▶ _Exercise goal_
Find the line containing "Some of the text" in the entries below. Reproduce that line and each one after it to the end, exactly, with no other lines.

═════ Supplied data

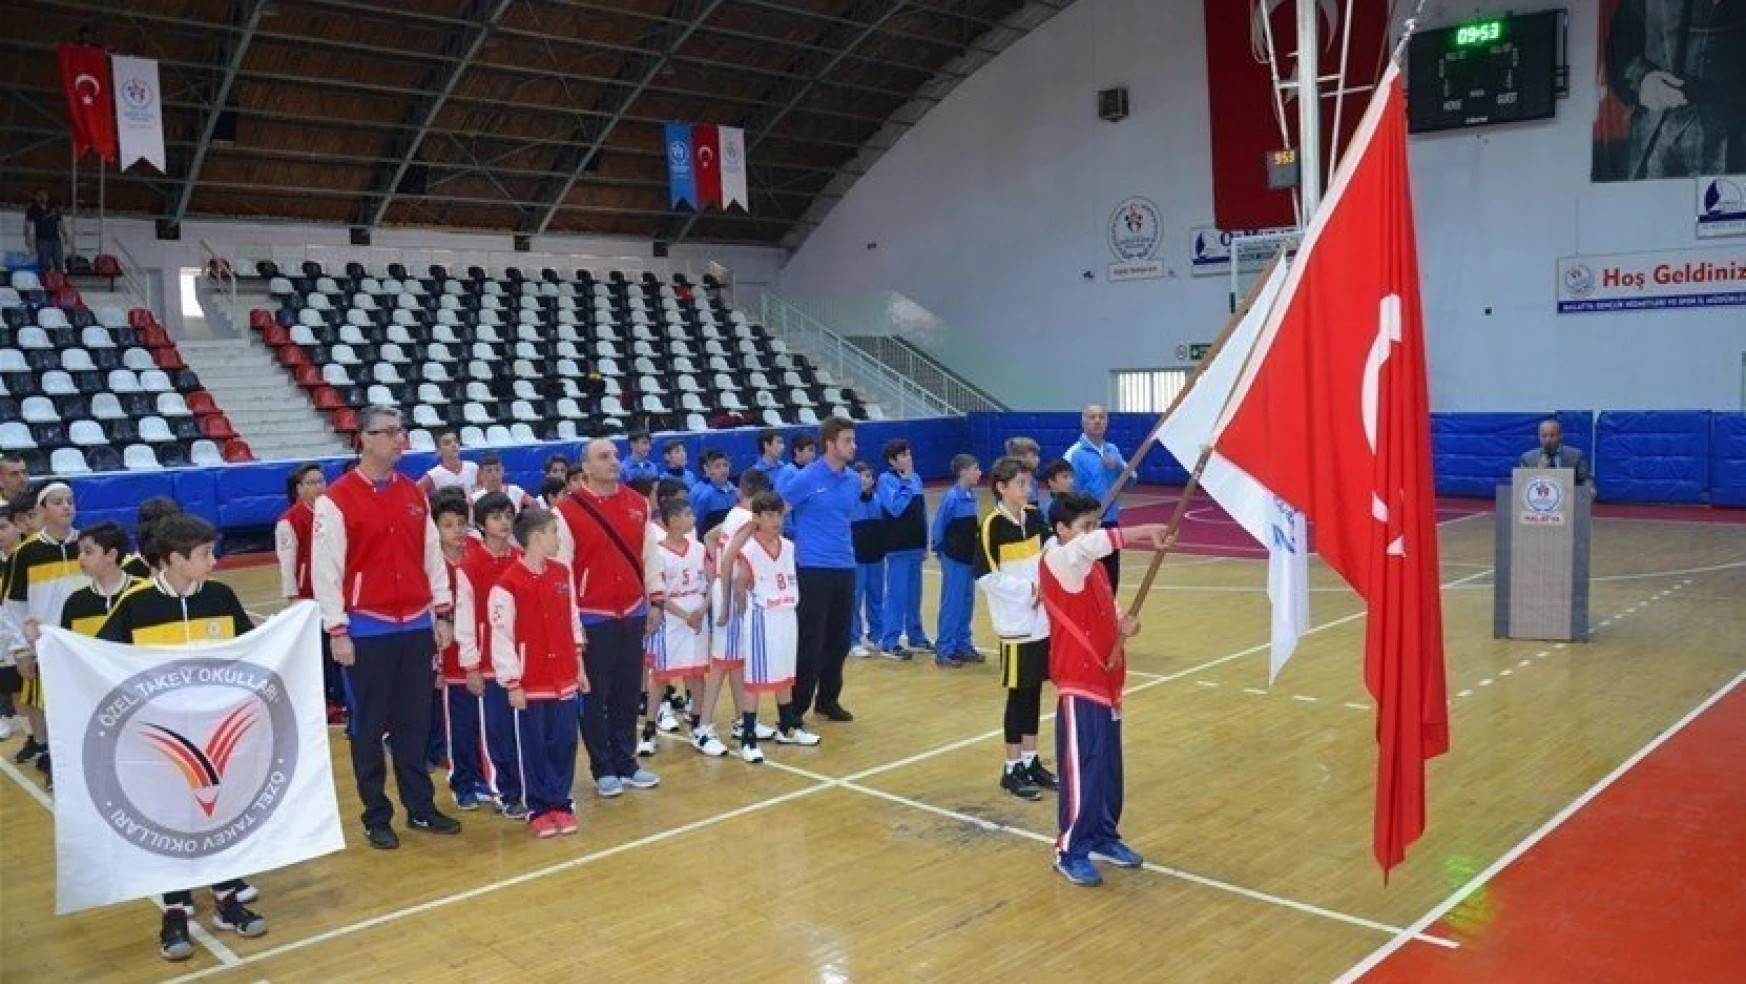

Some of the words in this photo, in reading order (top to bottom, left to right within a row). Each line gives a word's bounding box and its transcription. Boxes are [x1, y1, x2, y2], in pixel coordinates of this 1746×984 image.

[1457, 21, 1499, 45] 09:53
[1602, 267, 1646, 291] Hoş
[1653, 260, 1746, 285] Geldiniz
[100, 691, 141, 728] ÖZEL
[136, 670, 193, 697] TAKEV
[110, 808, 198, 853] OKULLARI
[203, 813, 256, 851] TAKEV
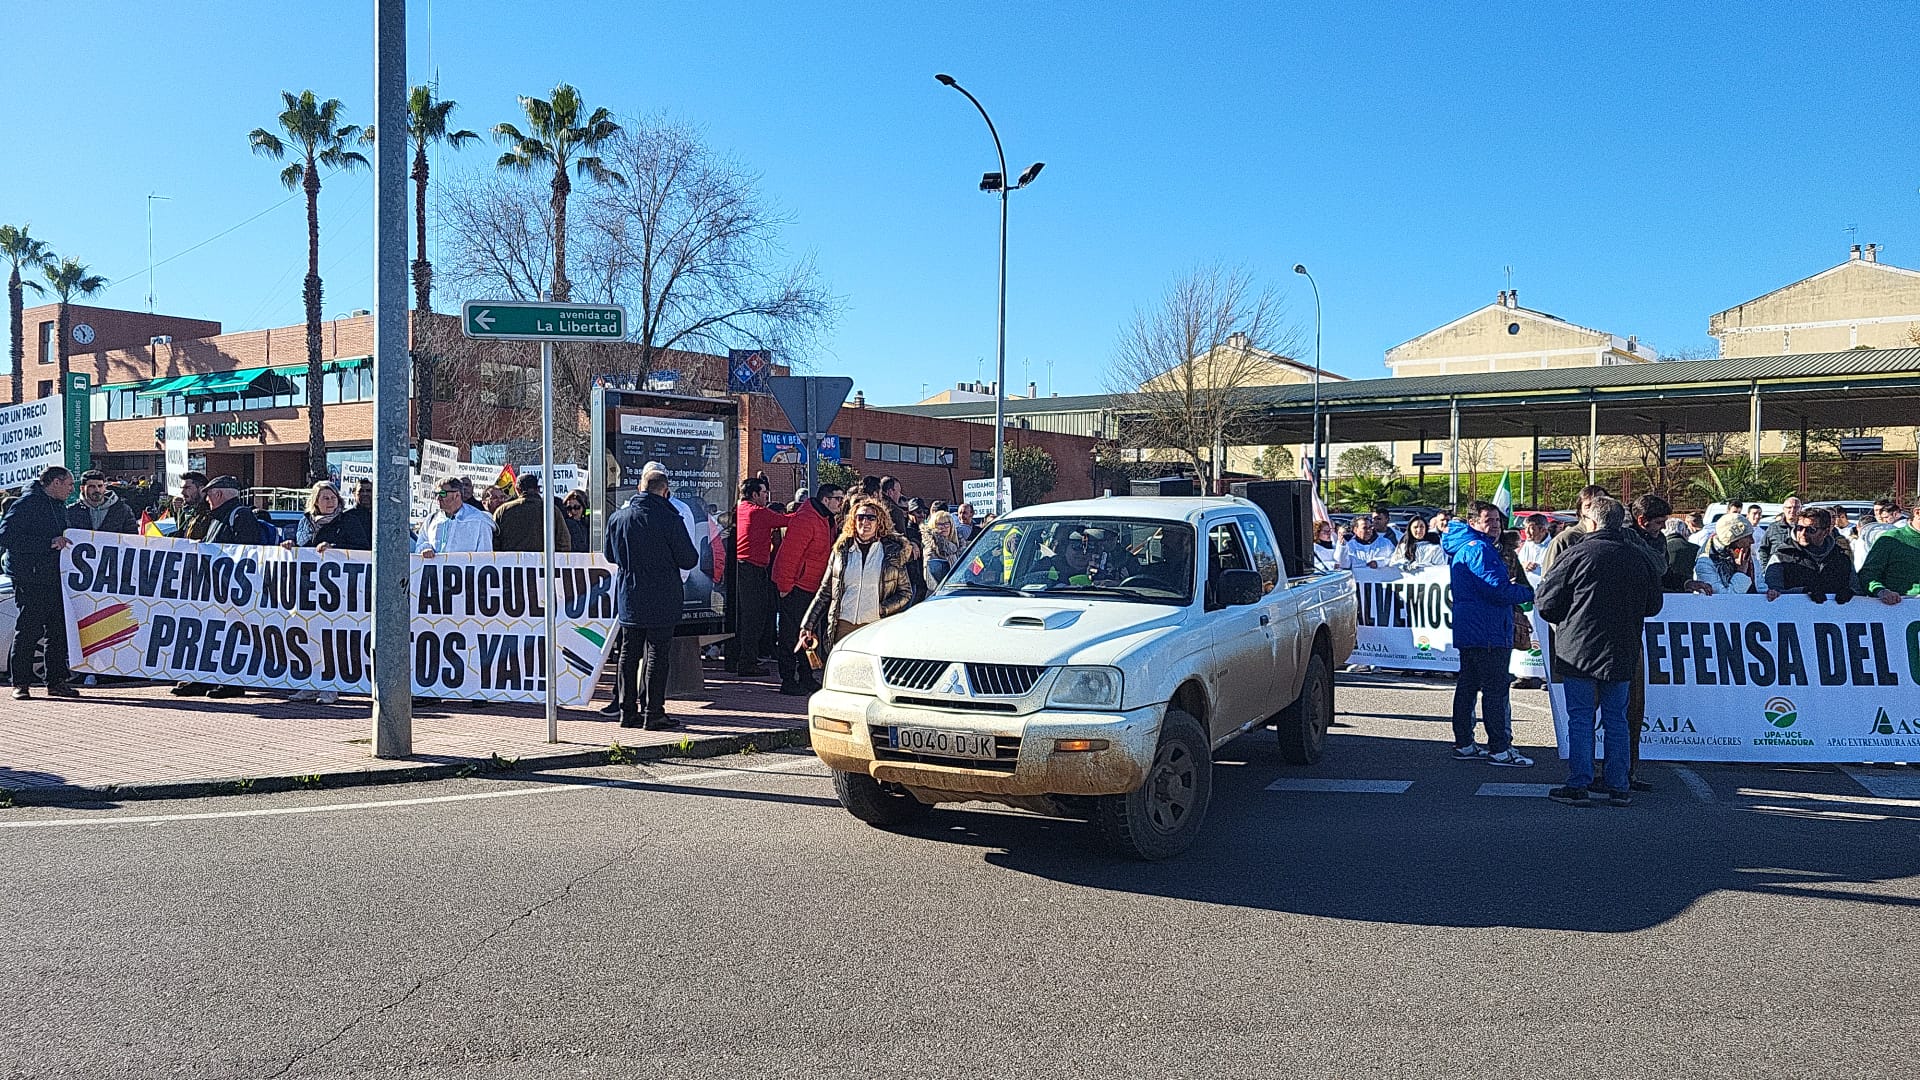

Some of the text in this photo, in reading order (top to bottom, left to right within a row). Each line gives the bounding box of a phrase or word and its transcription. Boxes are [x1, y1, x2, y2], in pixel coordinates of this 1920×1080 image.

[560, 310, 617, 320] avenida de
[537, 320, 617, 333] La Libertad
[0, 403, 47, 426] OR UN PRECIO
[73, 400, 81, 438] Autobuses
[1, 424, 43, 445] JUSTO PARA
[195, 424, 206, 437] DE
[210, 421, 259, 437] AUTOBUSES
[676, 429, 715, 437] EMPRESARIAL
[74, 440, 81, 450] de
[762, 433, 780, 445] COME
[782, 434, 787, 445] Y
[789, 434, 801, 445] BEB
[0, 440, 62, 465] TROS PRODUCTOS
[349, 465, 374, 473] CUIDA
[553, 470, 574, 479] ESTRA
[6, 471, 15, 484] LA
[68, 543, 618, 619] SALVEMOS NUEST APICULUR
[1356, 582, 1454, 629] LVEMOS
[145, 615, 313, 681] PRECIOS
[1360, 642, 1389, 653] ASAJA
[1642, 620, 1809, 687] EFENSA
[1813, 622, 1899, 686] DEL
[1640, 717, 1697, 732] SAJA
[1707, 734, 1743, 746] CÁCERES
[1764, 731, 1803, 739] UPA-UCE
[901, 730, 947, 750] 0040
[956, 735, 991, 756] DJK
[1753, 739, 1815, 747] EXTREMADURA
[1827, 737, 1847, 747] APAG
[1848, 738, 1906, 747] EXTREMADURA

══════════

▶ _Exercise solution_
Some of the text in this photo, in reading order (top to bottom, left to right within a row). Each line gives the bounding box of a phrase or word and its transcription. Boxes are [x1, y1, x2, y2], in pixel coordinates of this 1920×1080 image.

[560, 310, 617, 320] avenida de
[537, 320, 617, 333] La Libertad
[0, 403, 47, 426] OR UN PRECIO
[73, 400, 81, 438] Autobuses
[1, 424, 43, 445] JUSTO PARA
[195, 424, 206, 437] DE
[210, 421, 259, 437] AUTOBUSES
[676, 429, 715, 437] EMPRESARIAL
[74, 440, 81, 450] de
[762, 433, 780, 445] COME
[782, 434, 787, 445] Y
[789, 434, 801, 445] BEB
[0, 440, 62, 465] TROS PRODUCTOS
[349, 465, 374, 473] CUIDA
[553, 470, 574, 479] ESTRA
[6, 471, 15, 484] LA
[68, 543, 618, 619] SALVEMOS NUEST APICULUR
[1356, 582, 1454, 629] LVEMOS
[145, 615, 313, 681] PRECIOS
[1360, 642, 1389, 653] ASAJA
[1642, 620, 1809, 687] EFENSA
[1813, 622, 1899, 686] DEL
[1640, 717, 1697, 732] SAJA
[1707, 734, 1743, 746] CÁCERES
[1764, 731, 1803, 739] UPA-UCE
[901, 730, 947, 750] 0040
[956, 735, 991, 756] DJK
[1753, 739, 1815, 747] EXTREMADURA
[1827, 737, 1847, 747] APAG
[1848, 738, 1906, 747] EXTREMADURA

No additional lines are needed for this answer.